His poem "Immer leiser wird mein Schlummer" was set by Johannes Brahms as No. 2 of his Fünf Lieder, Op. 105 and Max Bruch’s cantata Salamis is based on another of his poems. His manuscripts are now located in the Bavarian State Library. There are streets named after him in both Munich and Lindau.

== Works ==
- Catilina, 1864
- Die Walküren, 1865
- Vaterländische Balladen und Gesänge, 1868
- Liebesblüten aus Deutschlands Dichterhain, lyrical collection, 1869
- Gedichte, 3rd book, 1870
- Zeitgedichte, 1870
- Wanderungen durch die internationale Kunstausstellung in München, 1870
- Violante, tragedy, 1871
- Dunkle Gewalten, epic poetry, 1872
- Die Besiegung der Cholera, play, 1873
- Der Doge Candiano, 1873
- Berthold Schwarz, 1874
- Die Sizilianische Vesper, 1876
- Macalda, tragedy, 1877
- Schlusssteine, poems, 1878
- Byzantinische Novellen, stories, 1881
- Von Wald und See, stories, 1883
- Clytia. Eine Szene aus Pompeji, 1883
- Skaldenklänge, collection of ballads by contemporary poets (with Gräfin Ballestrem), 1883
- Högnis letzte Heerfahrt. Nordische Szene, 1884
- Lyrisches, poems, 1885
- Die Bregenzer Klause, 1887
- Meine Lebensreise, autobiography, 1899

== Bibliography ==
- Emil Pfaff: Hermann Lingg als epischer Dichter. Ebering, Berlin 1925.

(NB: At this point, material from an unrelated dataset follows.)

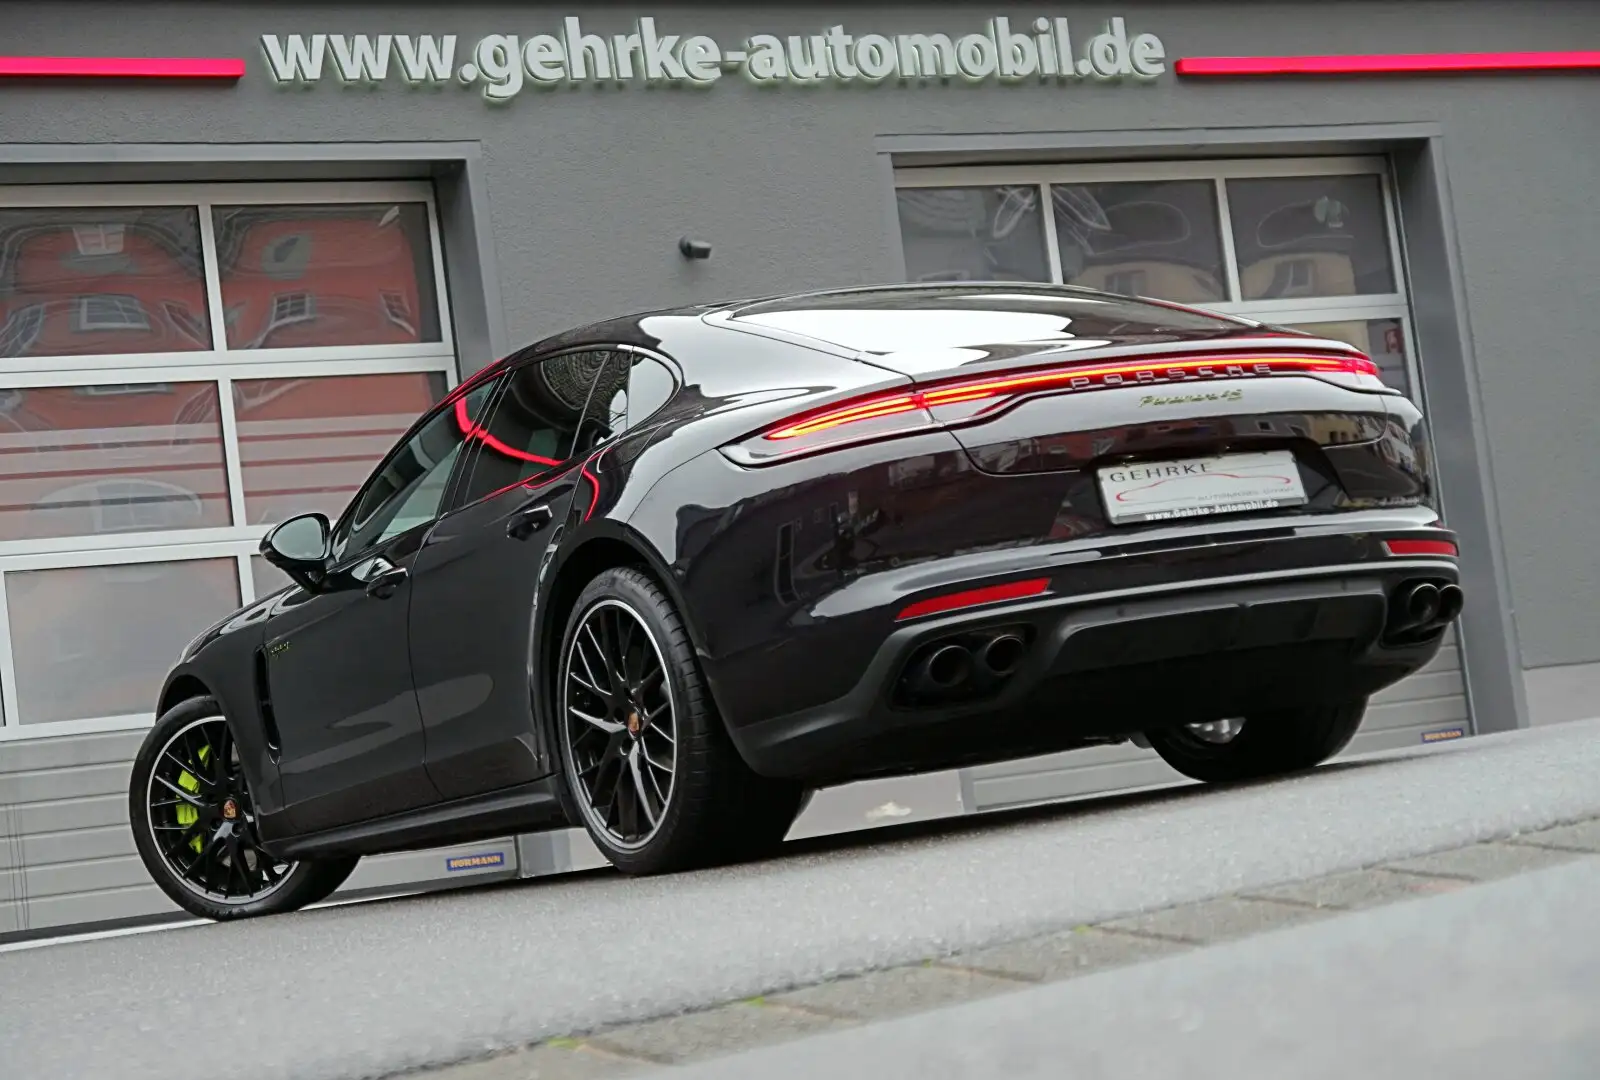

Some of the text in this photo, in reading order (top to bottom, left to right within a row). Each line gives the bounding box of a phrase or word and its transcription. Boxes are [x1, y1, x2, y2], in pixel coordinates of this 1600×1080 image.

- Frieda Port: Hermann Lingg. Eine Lebensgeschichte. Beck, München 1912.
- Walter Knote: Hermann Lingg und seine lyrische Dichtung. Mayr, Würzburg 1936.
- Arnulf Sonntag: Hermann Lingg als Lyriker. Lindauer, München 1908.
- Manfred Zschiesche: Hermann Lingg. Eine Erscheing des deutschen Spätklassizismus. Mit besonderer Berücksichtigung seiner Dramen. Korn, Breslau 1940.